2. The deceitful nature and the terrible consequences of sin. David's heart smote him after, not before, he had numbered the people. This is Satan's method of dealing with his prey, and this is the way he succeeds in beguiling men to ruin. He blinds the eye to the guilt, until the evil deed is done. How deeply is this felt by the penitent, when brought to loathe himself for his iniquity! What a sting is left behind by sin, though it may have been committed with very little alarm, and with scarcely any sense of its malignant nature! What a picture is displayed in this history of sin's terrible consequences — the angel of God running to and fro through the land with the sword of vengeance, and slaying seventy thousand men in less than three days! How it exhibits the Almighty's resolve not to let iniquity go unpunished!

3. The great and invaluable efficacy of the sacrifice of the death of Christ. The Almighty God, who is "angry with the wicked every day," and who has declared that all the nations that forget Him shall be turned into hell, has, nevertheless, made with them who believe in Christ, "a covenant well ordered in all things and sure," and, in that covenant, we have a Divine promise made, and the Divine veracity pledged, that they shall never perish, who rest their hopes on the offered propitiation.

4. The importance of promptitude in applying for mercy, and in deprecating the Divine wrath through the appointed sacrifice.

5. Finally, learn hence the duty of activity, liberality in the service of God, and for the benefit of your fellow sinners.
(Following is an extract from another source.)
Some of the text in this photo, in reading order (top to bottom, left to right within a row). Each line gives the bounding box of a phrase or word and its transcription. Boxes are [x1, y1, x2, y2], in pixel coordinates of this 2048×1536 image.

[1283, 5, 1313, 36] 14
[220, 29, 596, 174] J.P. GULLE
It is a Scriptural precept — "Honour the Lord with thy substance." He who has a religion which costs him nothing has a religion that is worth nothing.

(H. Hughes, B. D.)

If we knew how to enjoy our blessings in the fear of God, they would be continued unto us; but it is the sin of man that he extracts, even from the mercies of God, the poison which destroys his comforts: ha grows fat upon the bounty of Heaven, spurns its laws, and awakens it vengeance. This was the case with the Israelites at the period to which our text refers. It is probable their sin was a general forgetfulness of God, and a vain confidence in the strength, numbers, and valour of the nation; for with this feeling of national vanity David was affected. The time was come when punishment could be no longer delayed; and the pestilence received its commission. Seventy thousand men died from Dan to Beersheba; and that the judgment might be known to proceed from God, an angel was made visible, with a drawn sword, directing, by His terrible agency, the vengeance and the death. The history indicates to us:

I. THE STRICT REGARD PAID BY THE ALMIGHTY TO THE CONDUCT OF HIS CREATURES. This is a consideration which ought ever to impress our minds. The want of it is one of the causes of the misconduct of men. All are not openly infidels; they do not deny a God; nor do they allow His existence, and deny His omniscience. All do not confine Him to His own heaven, and make it part of His greatness and grandeur to avert His eyes from earth. All do not make Him indifferent to sin. and say, with the unbelief of those of old, "The Lord shall not see, neither shall the God of Jacob regard it." But though we may not, say this, we may be influenced by the very principle from which it proceeds. All who sin forget God; act as though there were no God, or He had no omniscience, or that He is indifferent to their conduct. To awaken us to a consciousness of the regard he pays to our actions, to His ever-bending, ever-watchful eye, it is, that he has so often specially interposed to punish sin, and in a manner which could leave no doubt of His agency. For this, among other purposes, the histories in the Old Testament have been preserved; that observing the displays of His power and justice, we might "sanctify the Lord in our hearts," and that the whole earth might "tremble and keep silence before Him." Does any one suppose that because He is but an individual, one amidst the myriads of the human race, he shall pass in the crowd, and escape the notice of his Judge? Let him learn that David was an individual, yet his individual sin was noticed, dragged to light, reproved, and punished.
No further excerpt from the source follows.